Here is a simple example of how I believe this could be a problem:
std::string Lowercase(std::string str); //<- this is hidden away in code; probably in a different file.
int main(){
std::string str = "HELLO";
Lowercase(str);
std::cout << str << '\n'; //<- Bug! we expected to output "hello". The problem is not very easy to spot, especially when a function name sounds as though it will change the passed in value.
}
In order to avoid having to jump between the function call and the function declaration (or in some cases, the documentation) in order to understand the function behavior, is there a way to explicitly document in the syntax of a function call that the parameter is expected to change (i.e. a reference parameter) or that a copy is being sent (i.e. pass by value)?
I realize that there is also the option of passing by const& which has the similar notion to passing by value, in that the variable passed in, will not have its value changed after the function call.

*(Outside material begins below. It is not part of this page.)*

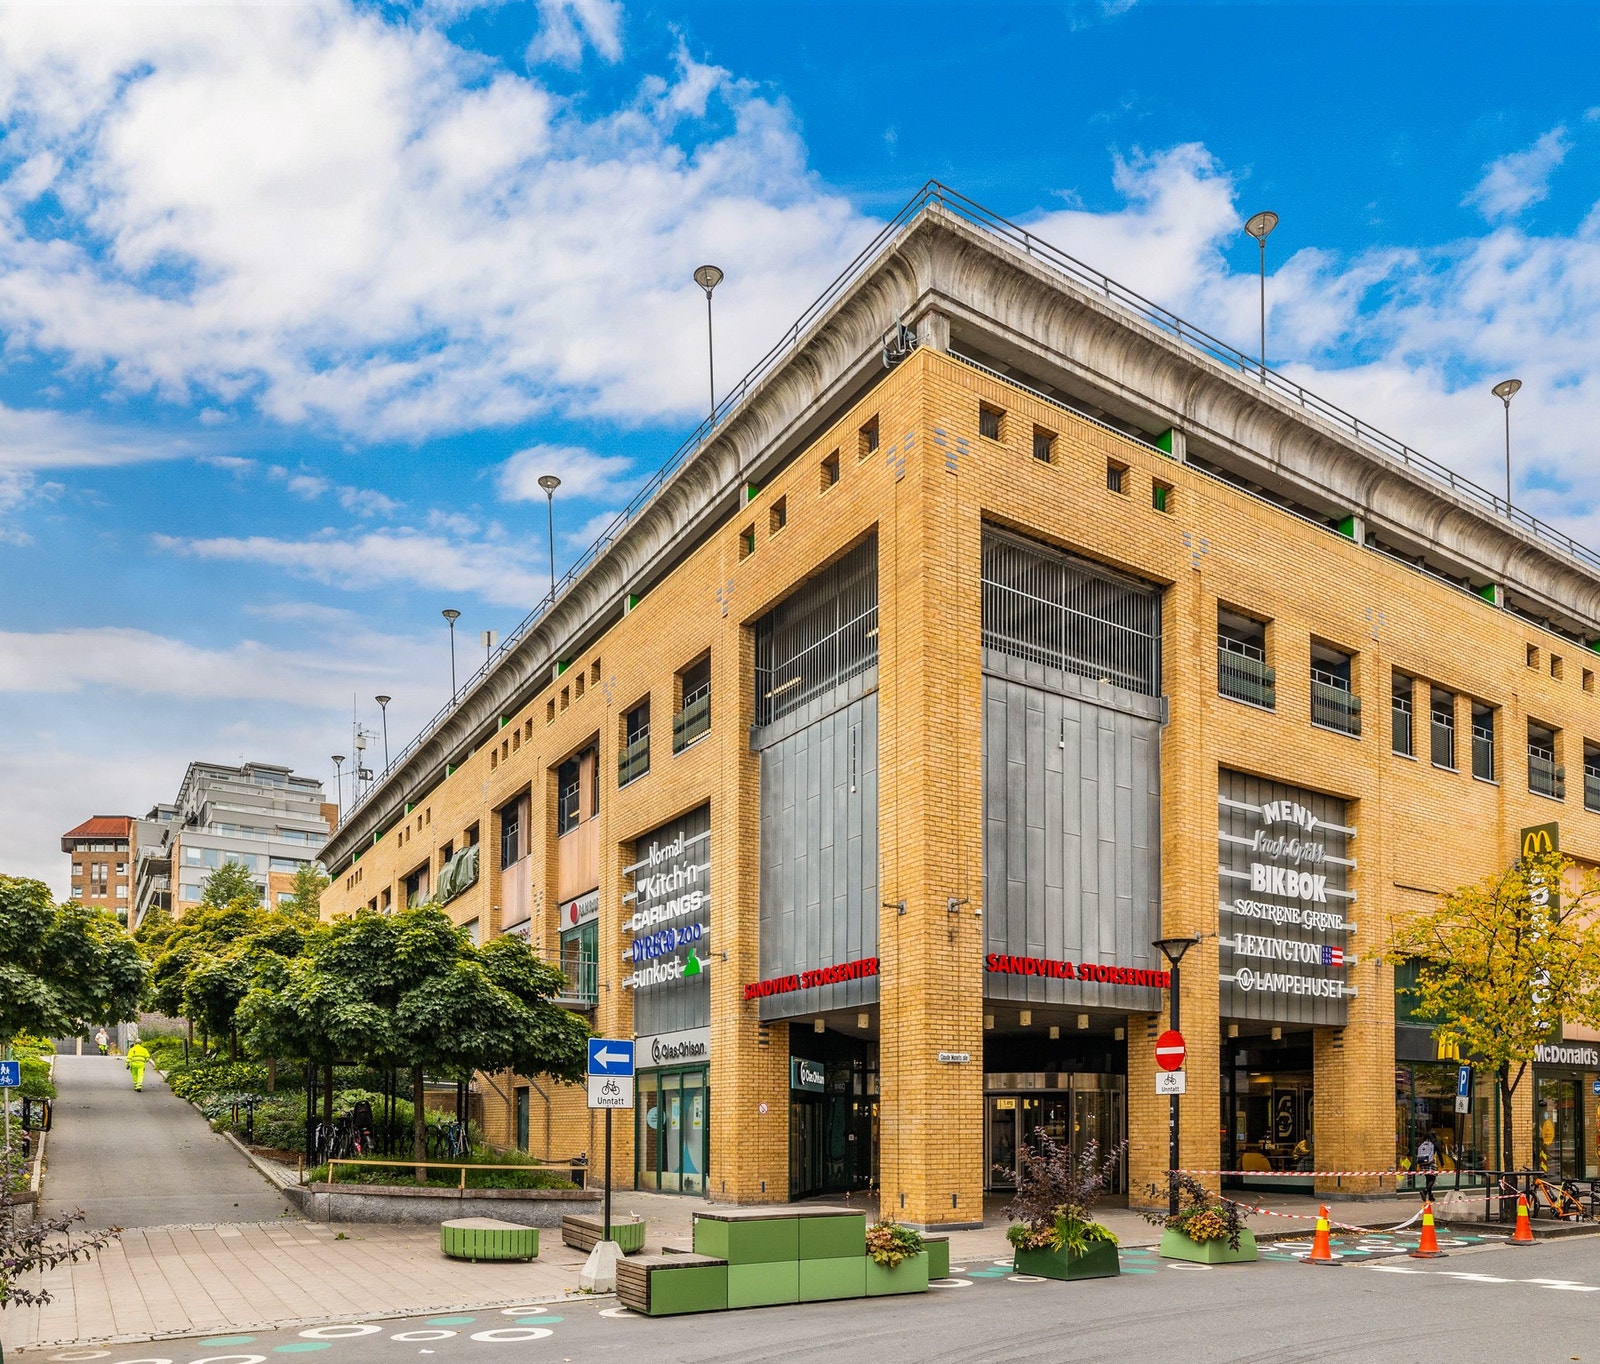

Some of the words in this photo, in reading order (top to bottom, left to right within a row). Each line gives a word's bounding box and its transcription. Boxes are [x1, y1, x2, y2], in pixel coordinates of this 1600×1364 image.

I'm sure there are all kinds of situations in the language that might add to the complexity of understanding how a parameter is being passed-
but I'm curious, is there a way to combat this problem in the way I want to?
I've noticed that some people write two similar functions. One of them takes a value parameter, the other one takes a pointer. That allows calling a function like this:
Lowercase(str); //we assume the value will not change
Lowercase(&str); //we assume the value will change
But this solution has many other issues, and I would not like to lose the benefit of references. Plus, we are still making assumptions on the behavior.
Some people insist that the correct way to pass mutable object is to use a pointer. That is, you would pass
Lowercase(&str);
... and Lowercase() would, obviously, be implemented to take a pointer. That approach may suit your needs.
I want to mention, however, that this is not what I would do! Instead, the approach I favor is to use appropriate names instead. For example,
inplace_lowercase(str);
pretty much says what it is going to do. Clearly, inplace_lowercase() would actually be an algorithm and with a bit of magic could be reasonably be called as
inplace_lowercase(str.begin() + 1, str.end());
as well.
Here are a few reasons why I don't like passing arguments by pointer and/or why I don't believe in an explicit indication of how the argument is passed:
Pointers can be null. A mandated reference parameters should, in my opinion, be a reference.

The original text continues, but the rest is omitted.